Wladimir Putin, Kim Jong Un, Xi Jinping: Weltweit sind skrupellose Autokraten verantwortlich für Krieg und Gewalt. Um sie zu verstehen, werden Vergleiche bemüht: mit Hitler, Stalin, Mao. Aber was verbindet die Verbrecher der Gegenwart mit den Despoten der Geschichte?
Sie sind wieder da: Despoten, die über Leichen gehen, Autokraten, deren Macht auf dem Schrecken beruht, den sie verbreiten. Wladimir Putin ist einer, Kim Jong Un auch. Xi Jinping ebenfalls. Und sie sind nicht die Einzigen. Die Skrupellosigkeit, mit der sie herrschen, macht Angst. Wenn von ihnen die Rede ist, sind Vergleiche nicht weit: Hitler, Mao Zedong, Iwan der Schreckliche, Nero. «Was Putin mit Hitler verbindet», titelte «Die Zeit» nach dem Überfall Russlands auf die Ukraine. «Nordkoreas Diktator mordet nach dem Vorbild Stalins», schrieb das Nachrichtenmagazin «Focus», als Kim Jong Un vor ein paar Jahren bei einer «Säuberungsaktion» vierzehn seiner Generäle hinrichten liess.

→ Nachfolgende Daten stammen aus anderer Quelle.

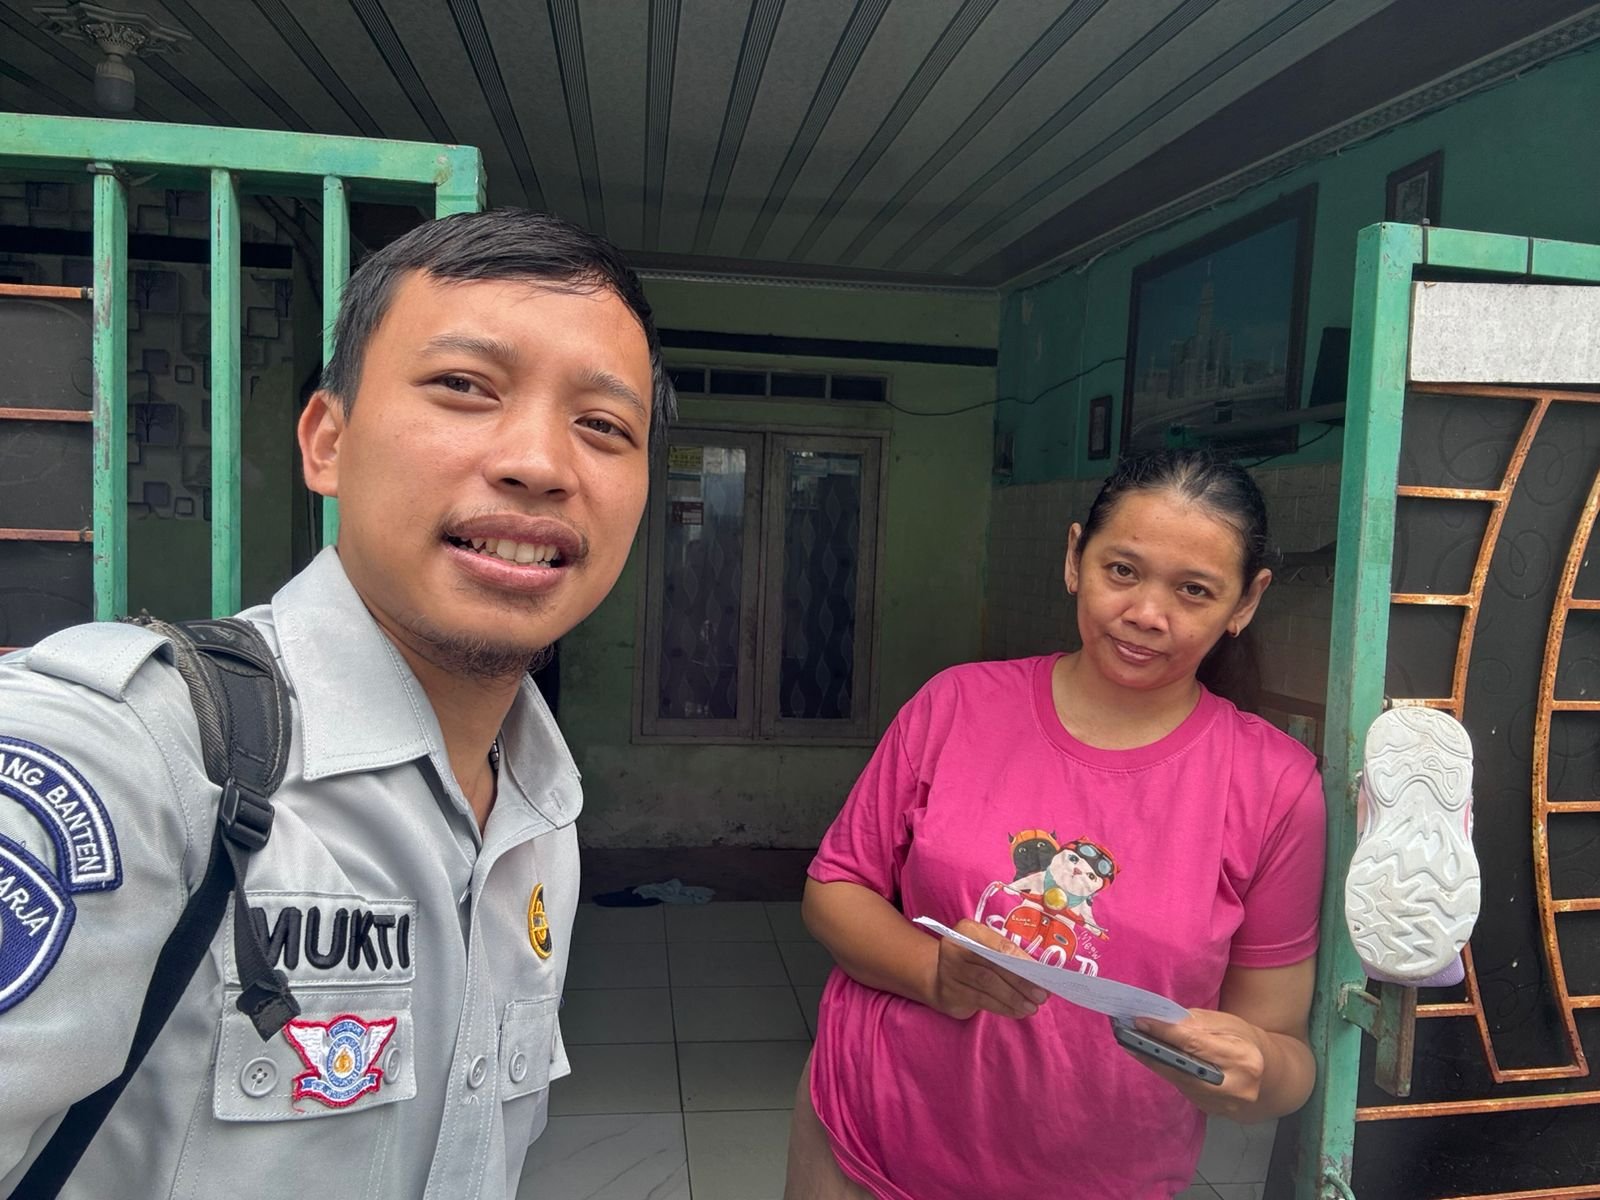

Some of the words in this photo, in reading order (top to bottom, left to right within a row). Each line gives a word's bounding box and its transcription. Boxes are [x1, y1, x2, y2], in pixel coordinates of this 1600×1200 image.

[46, 785, 102, 872] BANTEN
[0, 866, 49, 937] ARJA
[249, 906, 410, 971] MUKTI
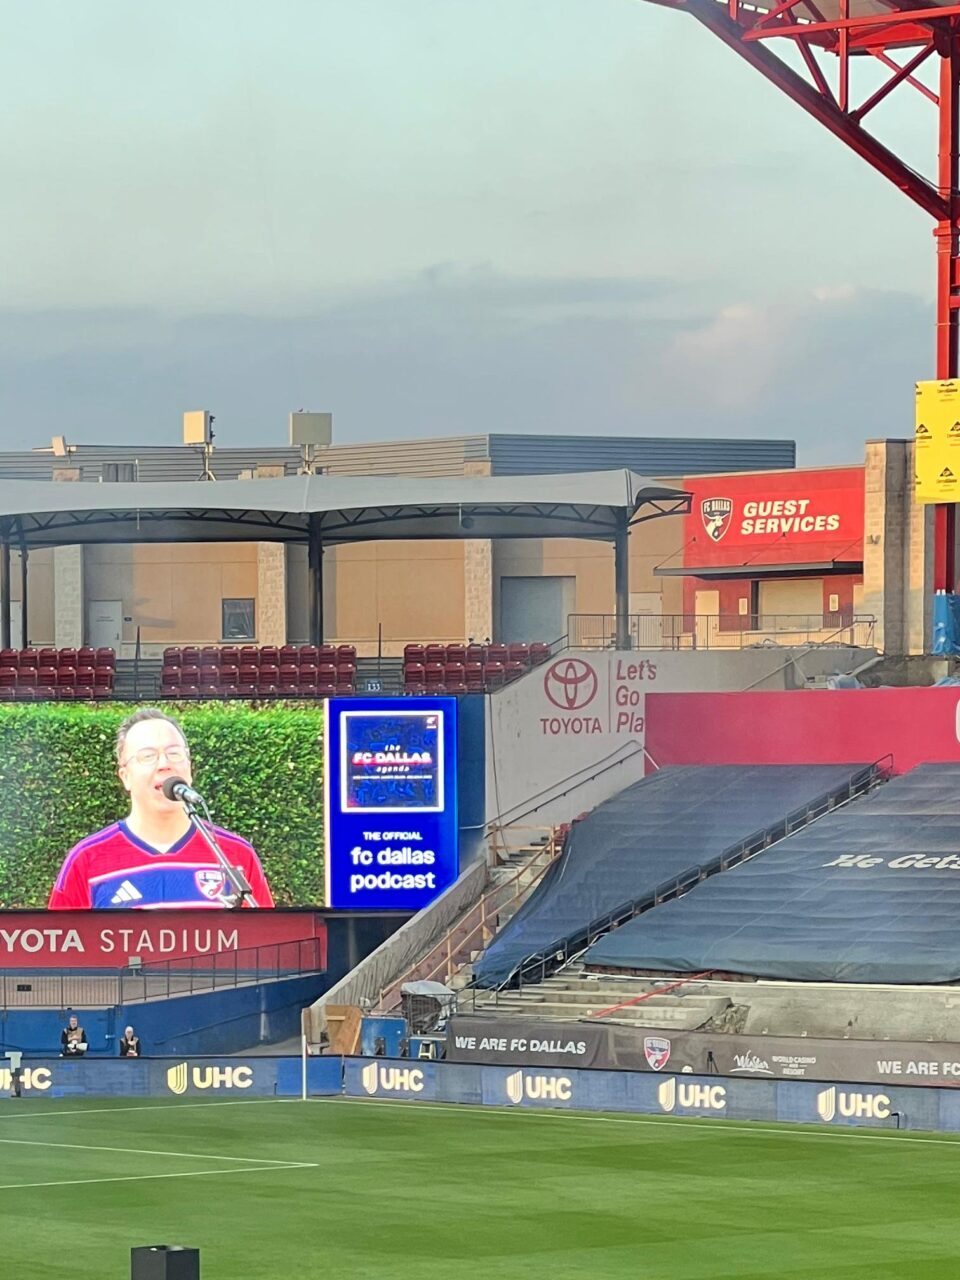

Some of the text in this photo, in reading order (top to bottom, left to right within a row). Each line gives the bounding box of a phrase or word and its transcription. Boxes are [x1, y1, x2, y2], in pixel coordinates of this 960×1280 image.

[743, 500, 810, 517] GUEST
[741, 515, 840, 535] SERVICES
[616, 659, 657, 681] Let's
[616, 685, 640, 706] Go
[540, 717, 602, 735] TOYOTA
[353, 752, 431, 764] FC DALLAS
[363, 831, 423, 841] THE OFFICIAL
[351, 847, 435, 865] fc dallas
[822, 853, 960, 870] He Gets
[350, 871, 436, 892] podcast
[99, 929, 239, 952] STADIUM
[455, 1036, 586, 1054] WE ARE FC DALLAS
[192, 1066, 253, 1089] UHC
[876, 1061, 960, 1076] WE ARE FC
[380, 1067, 424, 1092] UHC
[525, 1076, 572, 1100] UHC
[678, 1084, 726, 1109] UHC
[839, 1092, 891, 1118] UHC
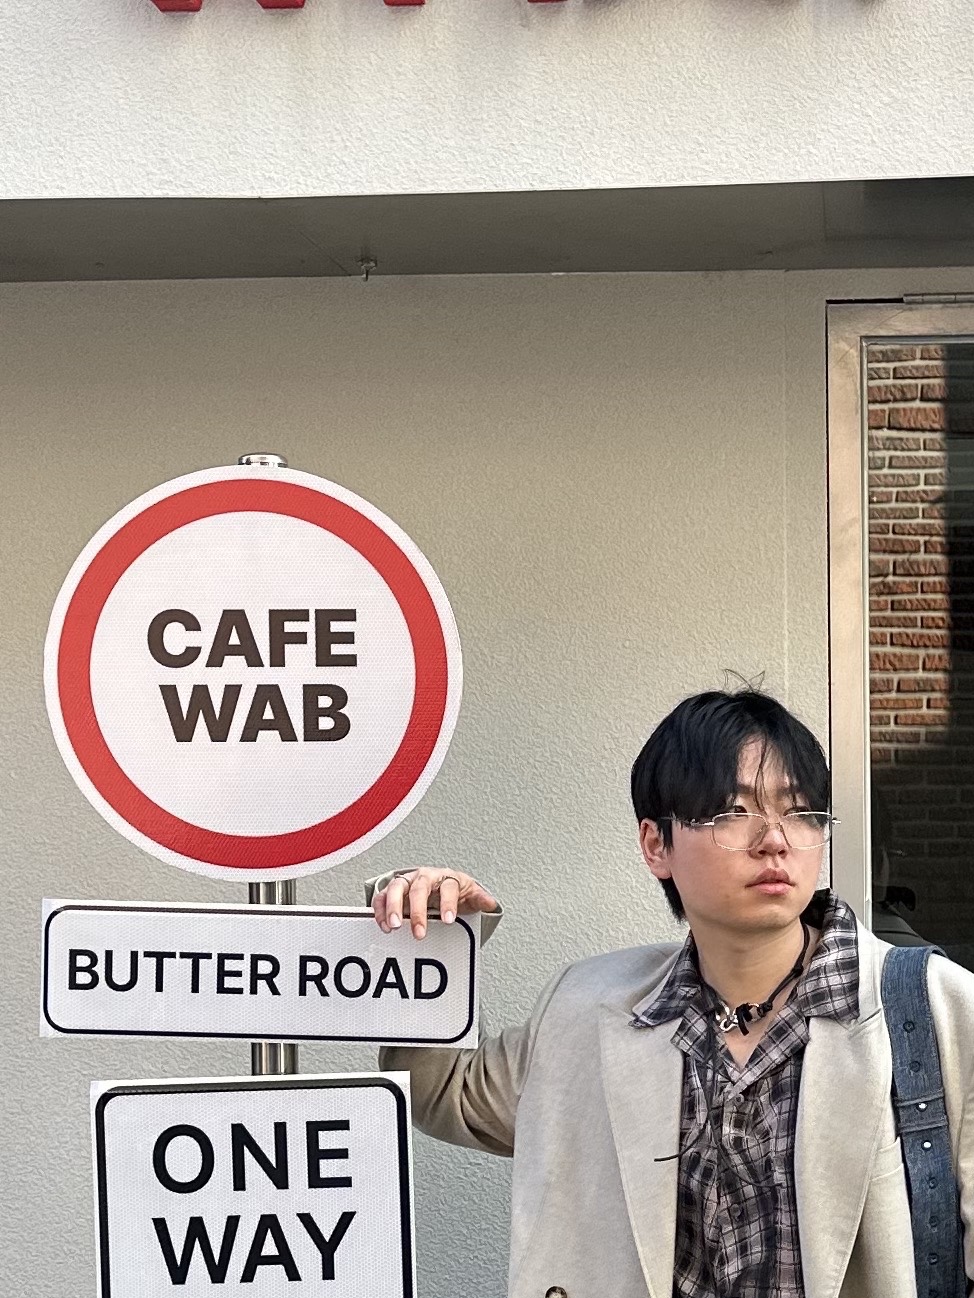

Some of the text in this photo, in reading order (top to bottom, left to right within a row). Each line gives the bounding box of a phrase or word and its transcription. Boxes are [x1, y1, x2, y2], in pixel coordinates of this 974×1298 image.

[147, 608, 358, 669] CAFE
[158, 684, 351, 742] WAB
[67, 948, 449, 1000] BUTTER ROAD
[152, 1119, 353, 1195] ONE
[151, 1211, 357, 1286] WAY
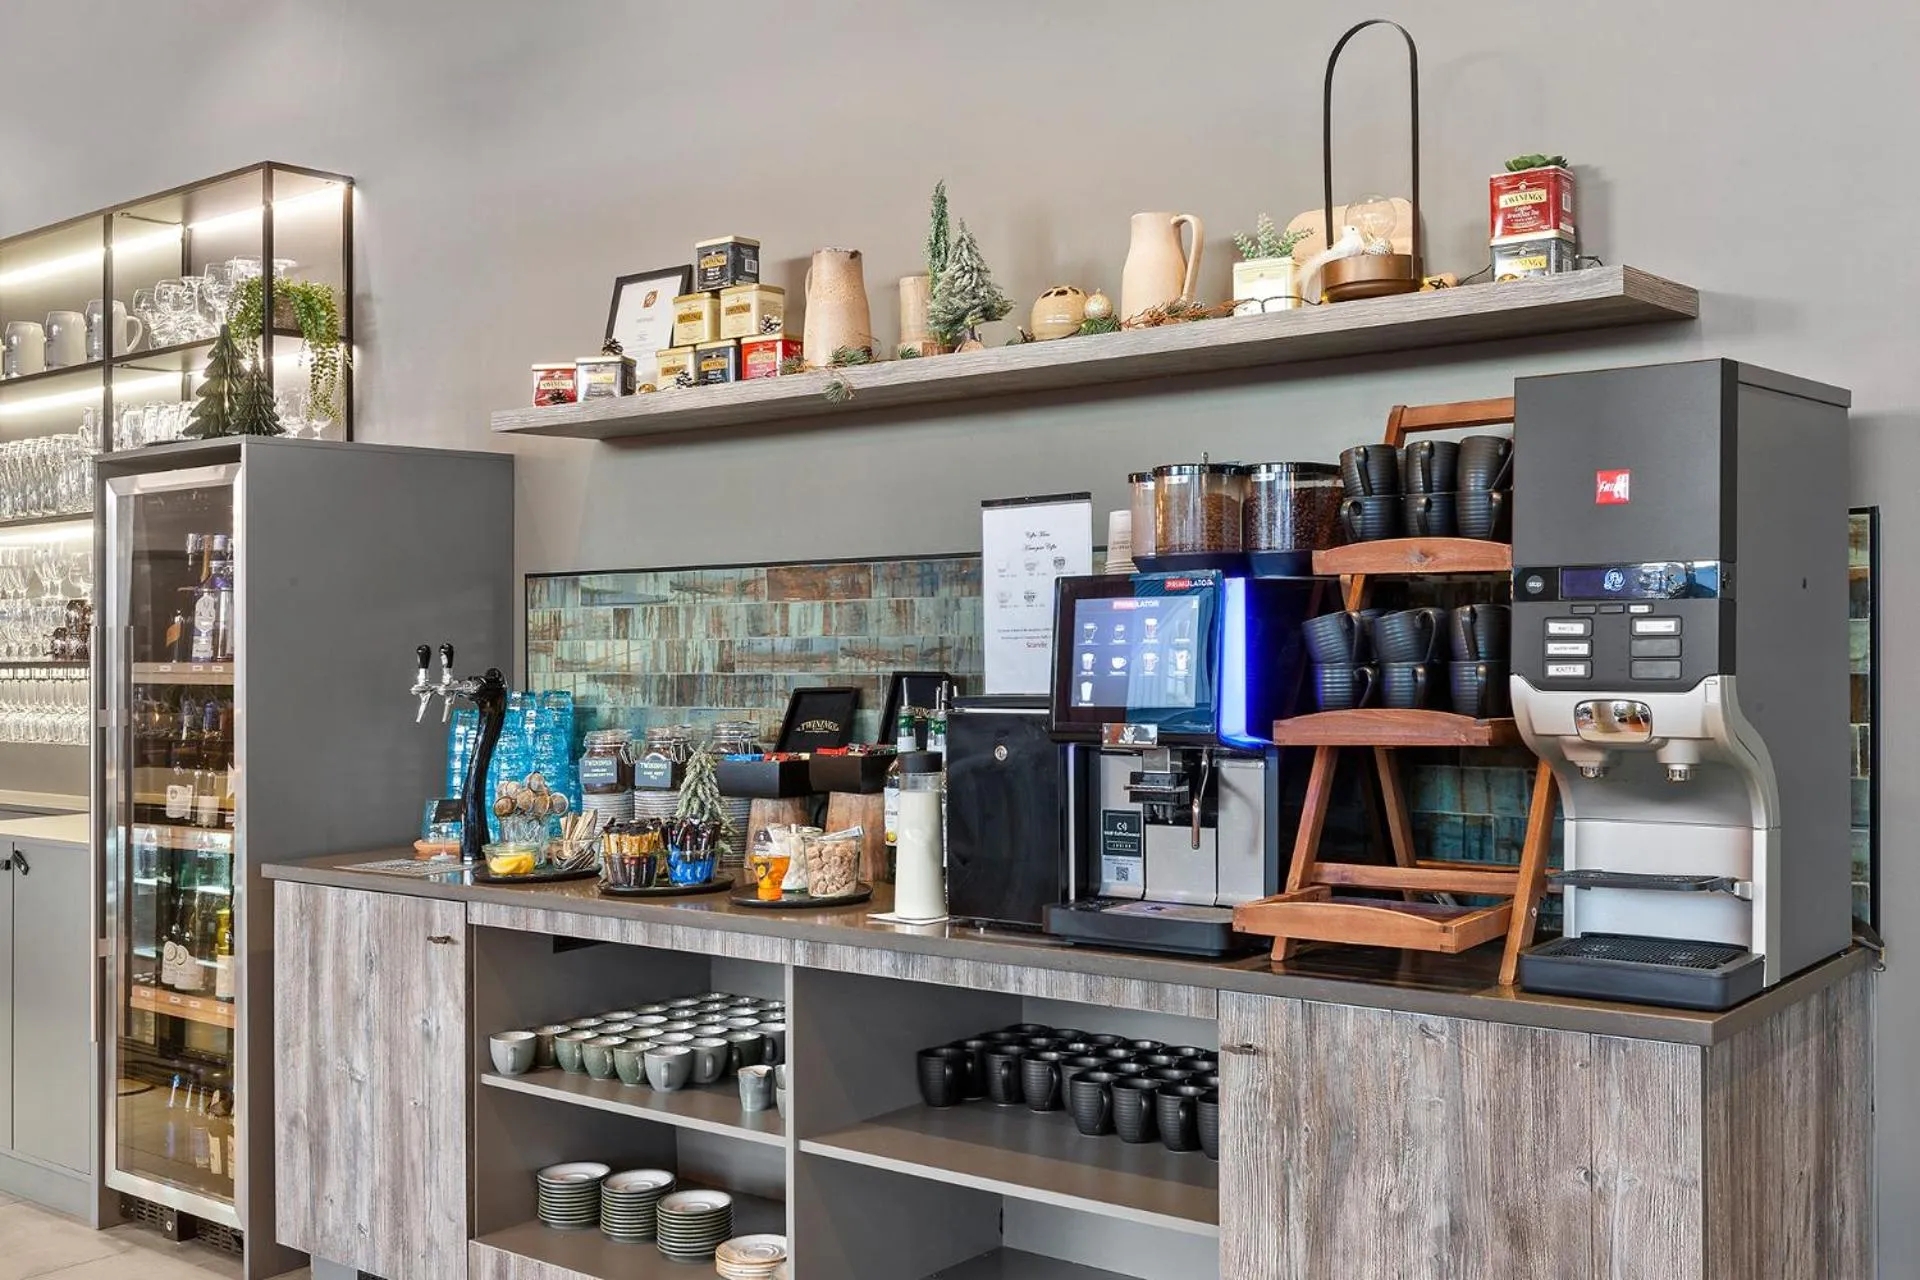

Solche Vergleiche werden rasch inflationär. Und beliebig. Es geht nicht mehr um Analyse, sondern entweder um Effekthascherei oder um politische Diffamierung. Etwa, wenn sich der «Guardian» allen Ernstes fragt, was Trump und Hitler gemeinsam hätten. Oder der Westdeutsche Rundfunk Björn Höckes Reden mit denen von Joseph Goebbels vergleicht. Natürlich kann man sich fragen, wie viel NSDAP in der AfD steckt. Nur darf man über der Suche nach Gemeinsamkeiten das Trennende nicht übersehen, das womöglich interessanter ist. Historiker widersprechen sowieso. Vergleiche hinken oft. Historische Vergleiche sind immer falsch.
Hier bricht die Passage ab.